ここは『魔女の森』で、そして魔法が使える人がいるのなら、それは魔女のはずだった……!
そのことに気付いてハッとしているわたしを、レイくんはおかしそうにクスリと笑った。
「もう、そうならそうって早く言ってくれればいいのに!」
「ごめんごめん。気付いているだろうと思って、敢えてわざわざ言わなかったんだ」
「うーん、まぁそうだけどー」
確かに気付かなかったわたしが『どんかん』なのかもしれないけどさ。
でもこの森に来てから変なものばっかりで、そこまで色々考える余裕なんてなかったんだから。
レイくんはイジワルだなぁと思ったけれど、でも目の前に二人も魔女がいるということにわくわくが止まらなかった。
「じゃあじゃあ、魔女さんのお話聞かせてよ! 魔法ももっと見てみたいし!」
「そうだね、アリスちゃんには色々お話をしなきゃいけないね。詳しい話は、奥でゆっくりしようか」
レイくんはそう言うとわたしの手を引いて歩き出した。
祭壇の脇には木の扉があって、その先には地下に降りていく階段があった。
そこもはじめは真っ暗だったけど、扉が開くのと同時にロウソクの火がポンポンとついていって明るくなる。
なんだか、秘密基地に潜入するみたいだとわたしは思った。
三人で階段を降ると、ロウソクの明かりでオレンジ色に照らされた石造りの廊下が広がっていた。
たくさんの木の扉がずらっと並んでいて、地下に色んなスペースがあるんだってことがわかる。
そのうちの一つの扉をレイくんが開くと、そこには大きなリビングのような部屋が広がっていた。
さっき森で使ったものよりももっと大きなテーブルや、十人くらいで座っても余裕がありそうなL字型の大きなソファー。
サンタさんが楽々通れそうな大きなダンロなんかもある。
わたしたちが中に入ると、扉は勝手に閉まって、それにダンロの火が勝手についた。
それに驚くわたしの手をクロアさんが引いて、ソファーまで連れていってくれる。
クロアさんはまず自分が先に座ると、わたしのことを楽々抱き上げてそのおひざに座らせてくれた。

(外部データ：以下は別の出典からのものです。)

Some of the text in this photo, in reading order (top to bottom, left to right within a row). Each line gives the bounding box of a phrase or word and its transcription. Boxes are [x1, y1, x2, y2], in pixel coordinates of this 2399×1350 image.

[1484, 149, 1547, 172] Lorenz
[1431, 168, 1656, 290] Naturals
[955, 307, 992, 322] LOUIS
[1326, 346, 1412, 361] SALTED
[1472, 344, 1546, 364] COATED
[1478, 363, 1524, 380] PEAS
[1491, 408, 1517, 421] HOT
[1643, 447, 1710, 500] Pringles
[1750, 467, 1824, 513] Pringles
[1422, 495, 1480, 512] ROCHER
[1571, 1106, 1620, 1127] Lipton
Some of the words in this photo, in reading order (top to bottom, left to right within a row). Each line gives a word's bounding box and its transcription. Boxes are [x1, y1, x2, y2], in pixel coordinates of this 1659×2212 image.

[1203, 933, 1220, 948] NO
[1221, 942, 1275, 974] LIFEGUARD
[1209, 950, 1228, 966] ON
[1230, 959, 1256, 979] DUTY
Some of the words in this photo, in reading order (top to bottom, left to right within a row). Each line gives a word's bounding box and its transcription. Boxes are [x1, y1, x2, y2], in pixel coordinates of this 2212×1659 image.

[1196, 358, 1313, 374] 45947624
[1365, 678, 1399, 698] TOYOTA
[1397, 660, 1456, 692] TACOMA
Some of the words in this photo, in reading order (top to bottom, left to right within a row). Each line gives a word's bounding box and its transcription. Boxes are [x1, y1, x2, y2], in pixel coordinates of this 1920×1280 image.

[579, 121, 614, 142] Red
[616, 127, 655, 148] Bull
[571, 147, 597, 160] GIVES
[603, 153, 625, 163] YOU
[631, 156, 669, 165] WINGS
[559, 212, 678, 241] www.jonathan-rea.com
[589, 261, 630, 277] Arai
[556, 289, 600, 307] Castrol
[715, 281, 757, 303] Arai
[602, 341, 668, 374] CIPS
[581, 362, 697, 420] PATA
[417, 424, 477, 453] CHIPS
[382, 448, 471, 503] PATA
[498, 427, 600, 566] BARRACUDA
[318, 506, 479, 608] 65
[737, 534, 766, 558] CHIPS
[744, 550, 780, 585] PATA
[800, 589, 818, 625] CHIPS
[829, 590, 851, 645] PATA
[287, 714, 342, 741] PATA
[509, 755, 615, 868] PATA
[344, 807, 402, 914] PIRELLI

そして後ろから、まるでぬいぐるみにするようにムギュッと抱きしめてくれた。
それがなんだかとってもあったかくて、優しくて、わたしはうれしくなってクロアさんの腕をきゅっとつかんだ。
「おやおやクロアティーナ。すっかりアリスちゃんを気に入ったみたいだね」
「ええ。大変愛らしくいらっしゃいます。ずっと愛でていても飽きは致しません」
「わたしもクロアさんのこと、好きだよ」
「まぁまぁ、ありがとうございます」
クロアさんはふふふと笑って、さらにわたしをきゅっと抱きしめてくれた。
そんなわたしたちをレイくんは微笑ましそうな顔で見ている。
「そうだね。僕もアリスちゃんのことはとっても可愛いと思う。こんなに可愛い女の子になっていたなんて、正直予想外だったよ」
「わ、わたし別にかわいくなんてないよ。他にかわいい子なんていっぱいいるし、わたしなんて普通だよっ」
急にほめられて、顔がポッと熱くなる。
そんなわたしをレイくんは優しい笑顔で見てくるから、余計に心臓がドクドクする。
「いやいや、アリスちゃんはとっても可愛いし、それに凄く心優しい魅力的な女の子だ。それは僕が保証するよ」
「え、えぇー…………」
そんなストレートにほめられたことなんてなくて、わたしはとにかく照れてしまった。
こういう時、どういう顔をしていいのかわからないよ。
とにかく、なんだかとっても恥ずかしかった。
「僕らのプリンセスが君のような子でよかった。改めて歓迎するよ、アリスちゃん」
赤くなっているわたしをよそに、レイくんは優しくそう言って微笑んだ。